WORK REQUEST -> Could you set down the records below exactly as they are, with no pictures?

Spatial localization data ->
-------

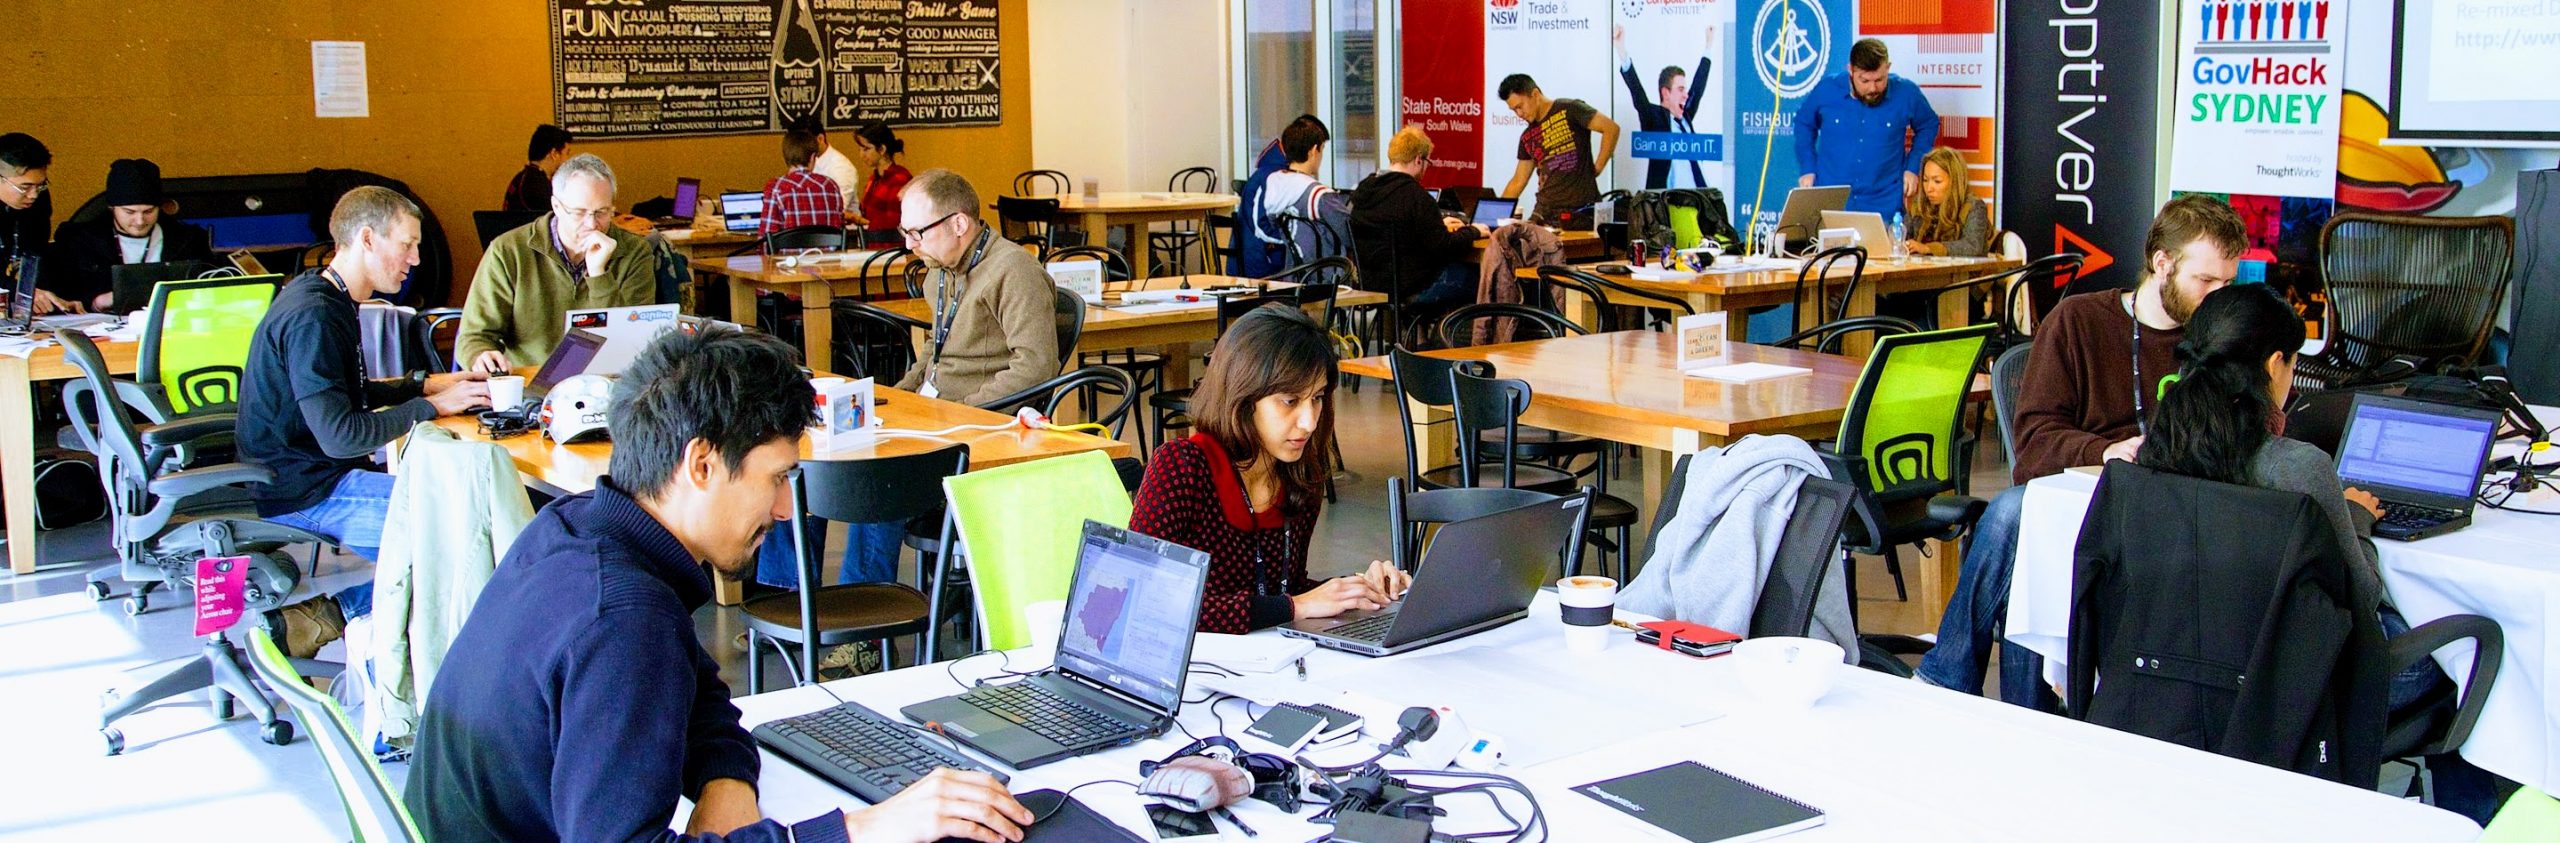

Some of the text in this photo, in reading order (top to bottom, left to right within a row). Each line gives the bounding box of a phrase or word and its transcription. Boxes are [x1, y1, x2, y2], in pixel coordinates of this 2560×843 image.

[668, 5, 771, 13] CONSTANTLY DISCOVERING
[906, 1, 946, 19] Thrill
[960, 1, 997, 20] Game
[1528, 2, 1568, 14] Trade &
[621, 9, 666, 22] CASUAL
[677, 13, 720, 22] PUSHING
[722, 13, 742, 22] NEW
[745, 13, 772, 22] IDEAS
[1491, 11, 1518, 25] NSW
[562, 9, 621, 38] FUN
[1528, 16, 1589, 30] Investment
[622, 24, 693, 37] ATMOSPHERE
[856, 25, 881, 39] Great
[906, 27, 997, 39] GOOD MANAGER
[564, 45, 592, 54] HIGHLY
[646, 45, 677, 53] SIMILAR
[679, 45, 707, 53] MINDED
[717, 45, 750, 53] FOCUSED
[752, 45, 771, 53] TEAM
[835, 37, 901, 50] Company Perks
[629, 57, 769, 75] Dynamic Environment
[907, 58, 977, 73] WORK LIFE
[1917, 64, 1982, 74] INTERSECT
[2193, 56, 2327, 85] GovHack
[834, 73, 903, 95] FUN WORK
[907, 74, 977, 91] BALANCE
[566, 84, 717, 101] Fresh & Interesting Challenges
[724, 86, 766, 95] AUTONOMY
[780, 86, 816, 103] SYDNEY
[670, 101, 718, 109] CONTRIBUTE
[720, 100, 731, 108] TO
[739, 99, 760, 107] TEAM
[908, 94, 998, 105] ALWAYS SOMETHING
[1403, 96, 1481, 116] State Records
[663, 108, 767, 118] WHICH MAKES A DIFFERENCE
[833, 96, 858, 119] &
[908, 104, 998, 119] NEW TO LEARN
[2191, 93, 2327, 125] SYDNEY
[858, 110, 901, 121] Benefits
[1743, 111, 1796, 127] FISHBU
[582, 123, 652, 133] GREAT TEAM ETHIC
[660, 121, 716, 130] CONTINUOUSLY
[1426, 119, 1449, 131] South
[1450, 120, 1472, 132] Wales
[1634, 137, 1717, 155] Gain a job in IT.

-------

RESPONSE BELOW ->
Some of the text in this photo, in reading order (top to bottom, left to right within a row). Each line gives the bounding box of a phrase or word and its transcription. Boxes are [x1, y1, x2, y2], in pixel coordinates of this 2560×843 image.

[668, 5, 771, 13] CONSTANTLY DISCOVERING
[906, 1, 946, 19] Thrill
[960, 1, 997, 20] Game
[1528, 2, 1568, 14] Trade &
[621, 9, 666, 22] CASUAL
[677, 13, 720, 22] PUSHING
[722, 13, 742, 22] NEW
[745, 13, 772, 22] IDEAS
[1491, 11, 1518, 25] NSW
[562, 9, 621, 38] FUN
[1528, 16, 1589, 30] Investment
[622, 24, 693, 37] ATMOSPHERE
[856, 25, 881, 39] Great
[906, 27, 997, 39] GOOD MANAGER
[564, 45, 592, 54] HIGHLY
[646, 45, 677, 53] SIMILAR
[679, 45, 707, 53] MINDED
[717, 45, 750, 53] FOCUSED
[752, 45, 771, 53] TEAM
[835, 37, 901, 50] Company Perks
[629, 57, 769, 75] Dynamic Environment
[907, 58, 977, 73] WORK LIFE
[1917, 64, 1982, 74] INTERSECT
[2193, 56, 2327, 85] GovHack
[834, 73, 903, 95] FUN WORK
[907, 74, 977, 91] BALANCE
[566, 84, 717, 101] Fresh & Interesting Challenges
[724, 86, 766, 95] AUTONOMY
[780, 86, 816, 103] SYDNEY
[670, 101, 718, 109] CONTRIBUTE
[720, 100, 731, 108] TO
[739, 99, 760, 107] TEAM
[908, 94, 998, 105] ALWAYS SOMETHING
[1403, 96, 1481, 116] State Records
[663, 108, 767, 118] WHICH MAKES A DIFFERENCE
[833, 96, 858, 119] &
[908, 104, 998, 119] NEW TO LEARN
[2191, 93, 2327, 125] SYDNEY
[858, 110, 901, 121] Benefits
[1743, 111, 1796, 127] FISHBU
[582, 123, 652, 133] GREAT TEAM ETHIC
[660, 121, 716, 130] CONTINUOUSLY
[1426, 119, 1449, 131] South
[1450, 120, 1472, 132] Wales
[1634, 137, 1717, 155] Gain a job in IT.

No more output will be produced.